> Instructions for the task
It would help if you retyped the data exactly, leaving out the pictures.

*** Opening Supplied data ***

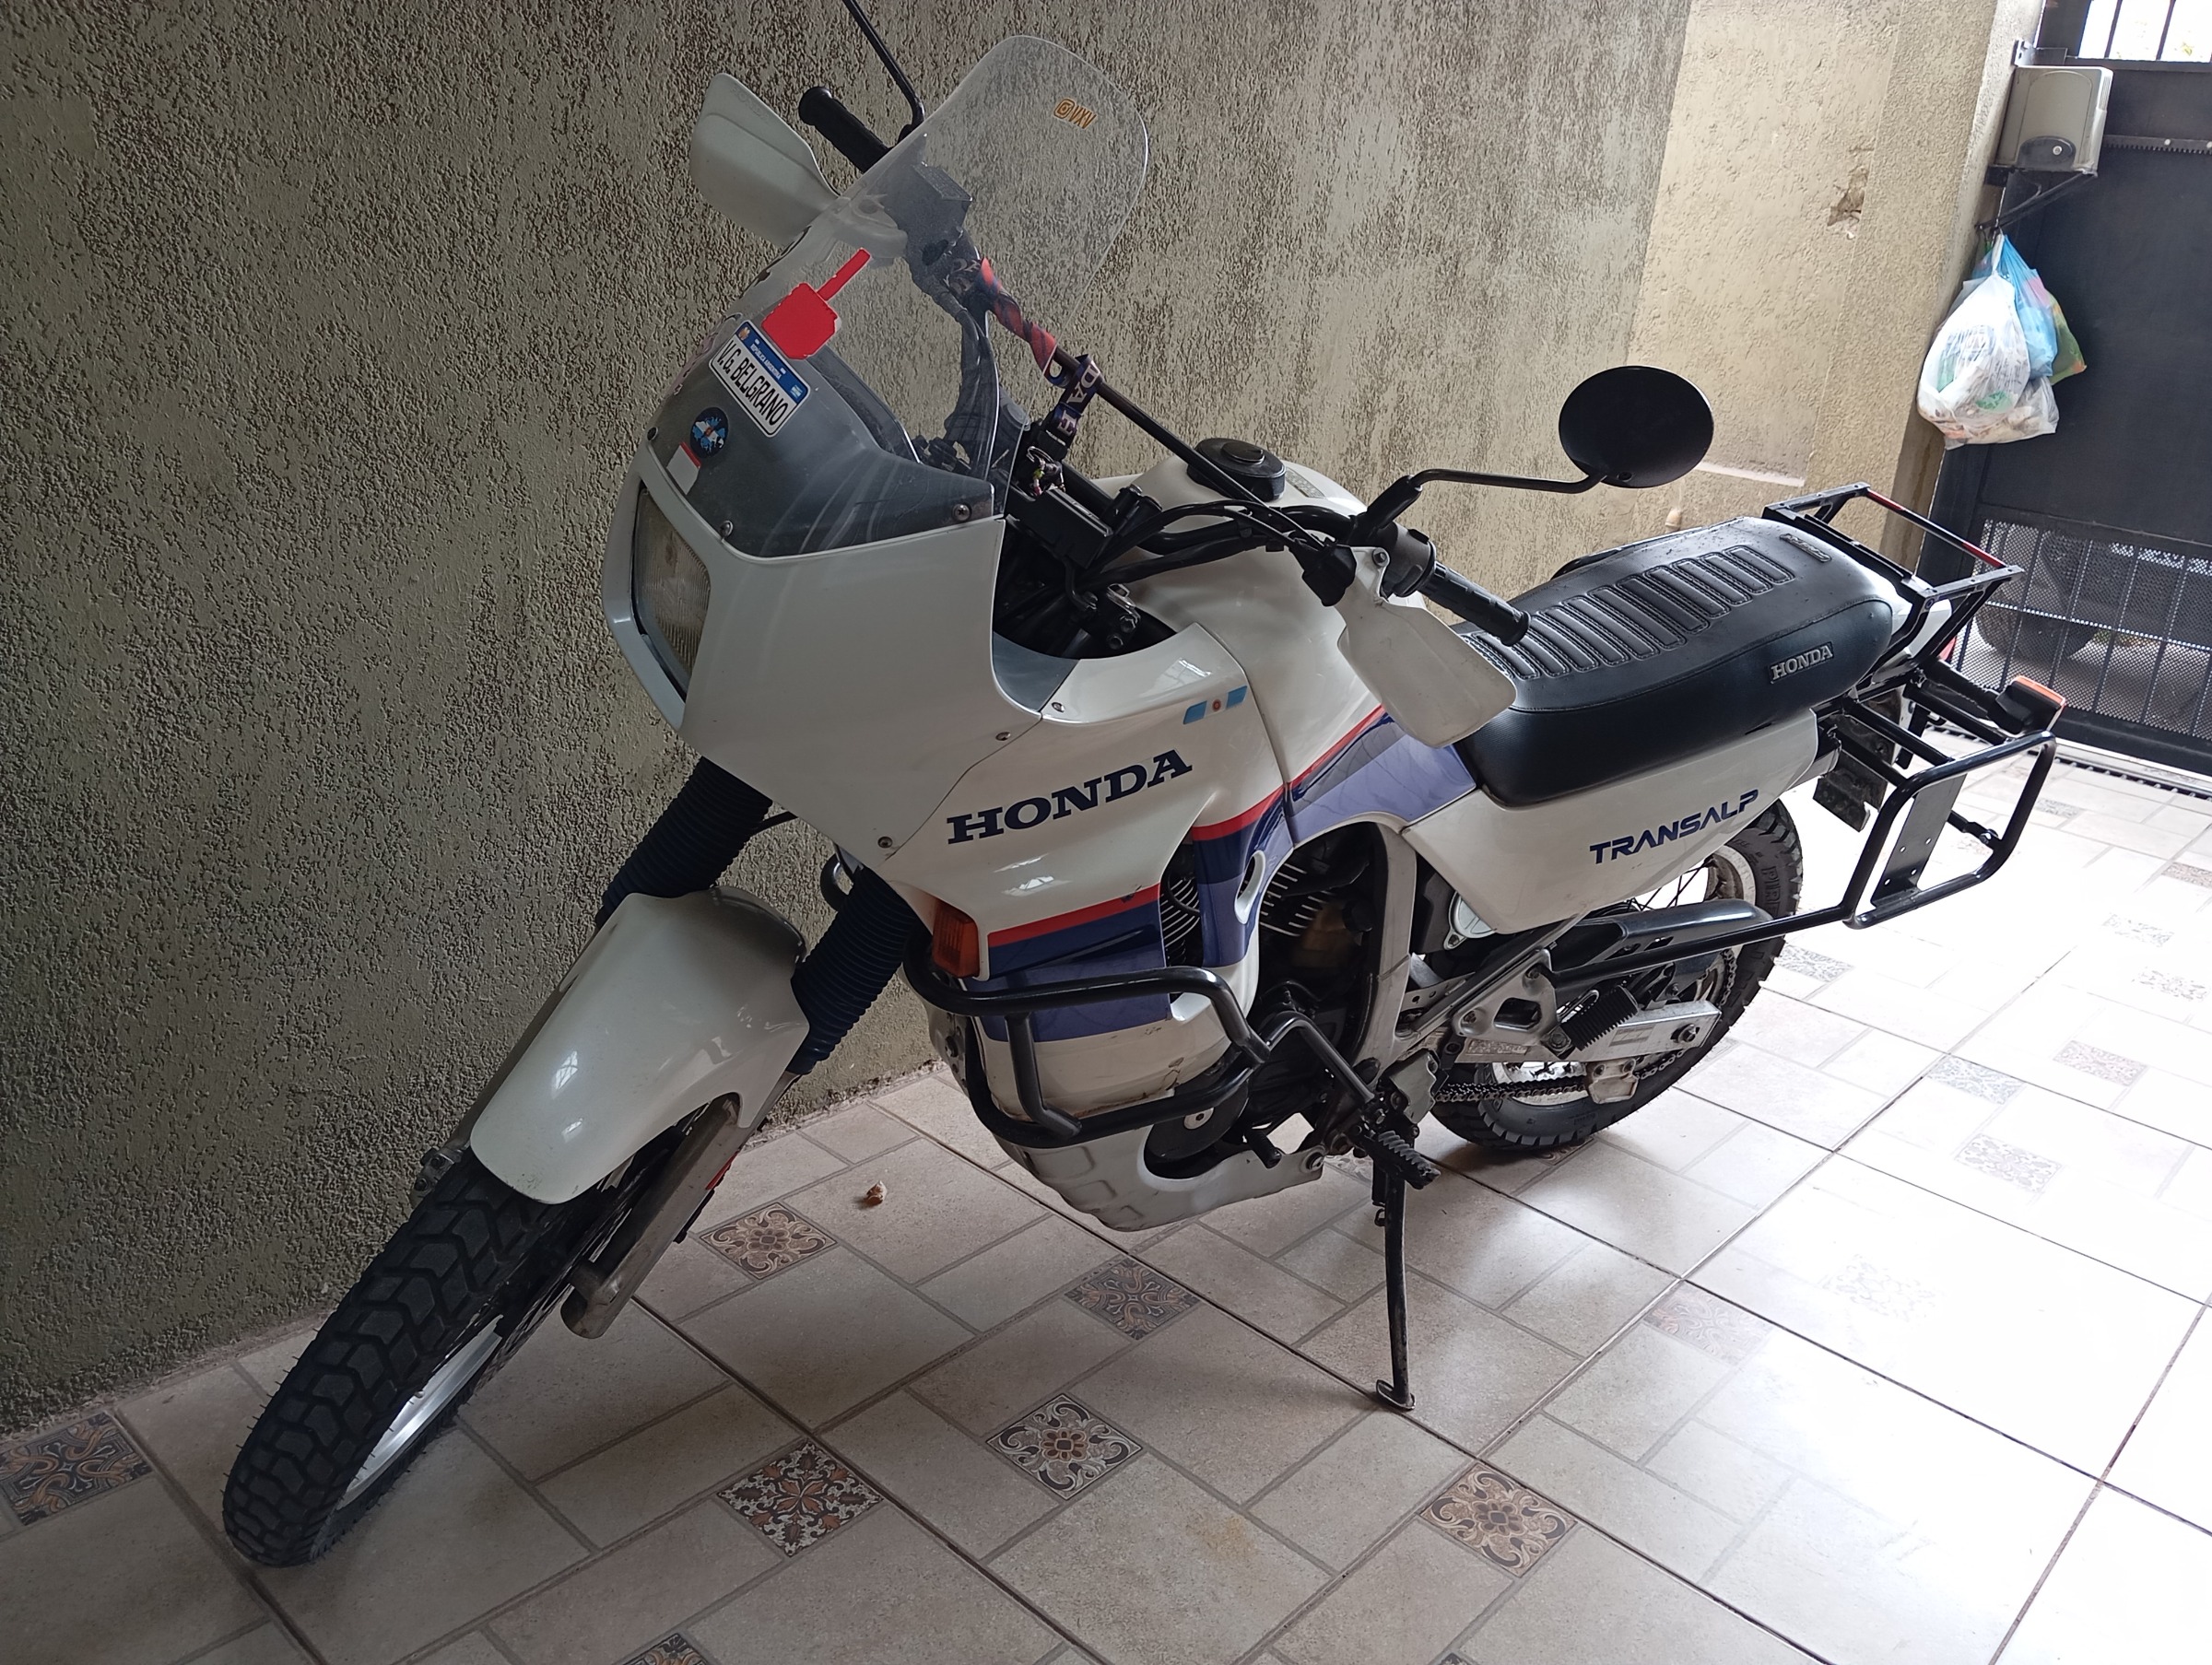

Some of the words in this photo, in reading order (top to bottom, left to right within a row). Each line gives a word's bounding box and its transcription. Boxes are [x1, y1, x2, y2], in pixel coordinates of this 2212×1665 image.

[730, 357, 788, 426] BELGRANO
[1771, 645, 1833, 680] HONDA
[947, 749, 1193, 844] HONDA
[1589, 789, 1759, 864] TRANSALP

*** Closing Supplied data ***

> Result of the exercise
Some of the words in this photo, in reading order (top to bottom, left to right within a row). Each line gives a word's bounding box and its transcription. Boxes are [x1, y1, x2, y2], in pixel coordinates of this 2212×1665 image.

[730, 357, 788, 426] BELGRANO
[1771, 645, 1833, 680] HONDA
[947, 749, 1193, 844] HONDA
[1589, 789, 1759, 864] TRANSALP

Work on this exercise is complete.